Un effetto positivo a livello aziendale è la digitalizzazione e il vantaggio in termini di efficienza è evidente. Mi sembra molto positiva anche la digitalizzazione nella scuola. Si pone maggiormente l’accento sulla capacità di lavorare in modo autonomo. Questo è estrema­mente importante per la Svizzera, per avere forza lavoro creativa e in grado di pensare con la propria ­testa.

La crisi ha cambiato il nostro modo di pensare e di agire?

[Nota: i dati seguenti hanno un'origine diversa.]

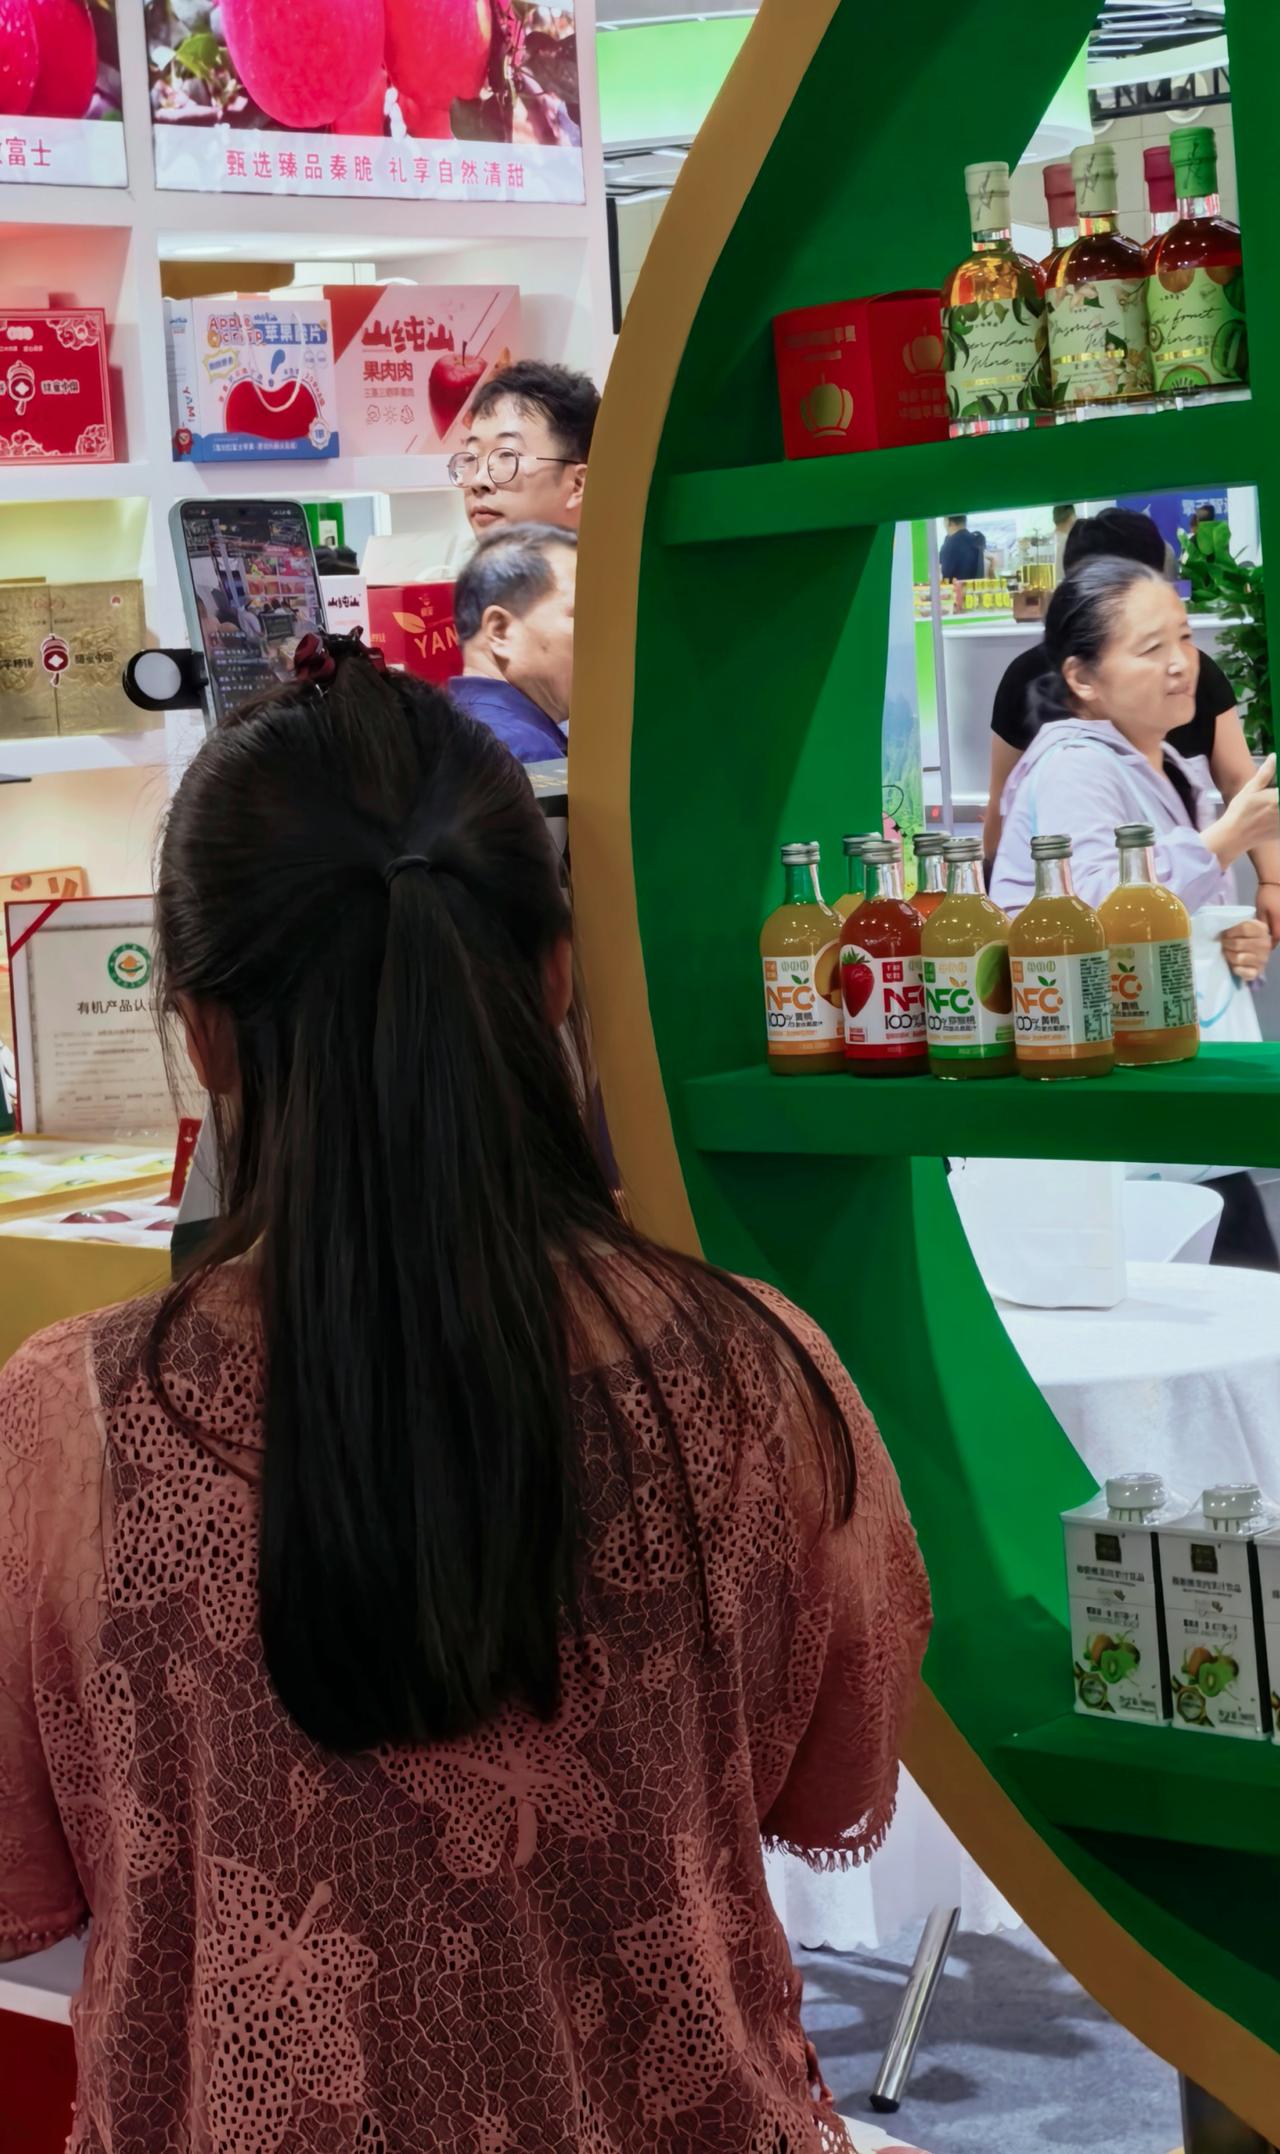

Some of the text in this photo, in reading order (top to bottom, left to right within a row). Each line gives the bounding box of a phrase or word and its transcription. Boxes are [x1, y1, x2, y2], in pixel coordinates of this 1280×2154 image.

[0, 136, 51, 167] 富士
[226, 149, 525, 188] 甄选臻品秦脆 礼享自然清甜
[363, 360, 414, 382] 果肉肉
[767, 985, 814, 1011] NFC
[1014, 987, 1061, 1014] NFC
[1110, 975, 1139, 1000] FC
[926, 988, 971, 1014] NFC

Le crisi passate hanno dimostrato con quanta sorprendente facilità torniamo alle vecchie abitudini. Ma poiché questa crisi è stata così radicale e lunga, è possibile che si imporranno alcuni cambiamenti comportamentali.

Ad esempio?

La società si è stretta attorno a sé. Ci si aiuta di più a vicenda e si coltiva lo scambio interpersonale. Un lavoro ben retribuito con buone condizioni di lavoro è sempre più apprezzato. Spero che sia così anche dopo la crisi. Ciò che temo è che tutti i problemi vengano ora scaricati sullo Stato. È chiaro che lo Stato doveva intervenire in questa situazione straordinaria, e lo ha fatto. Ma i veri risolutori del problema devono essere le aziende e i singoli. Sono convinto che più Stato non possa essere la soluzione, piuttosto c’è bisogno di rafforzare la responsabilità individuale.

E per finire, uno sguardo al futuro. Cosa succede dopo il coronavirus?

Nessuno di noi è profeta, e si sa che noi economisti siamo spesso costretti a rivedere nottetempo le previsio­ni. La crisi cambierà qualcosa, ma non casca il mondo. Forse dovremo stringere la cinghia ancora per qualche tempo, ma d’altro canto continuano ad aprirsi anche nuove opportunità.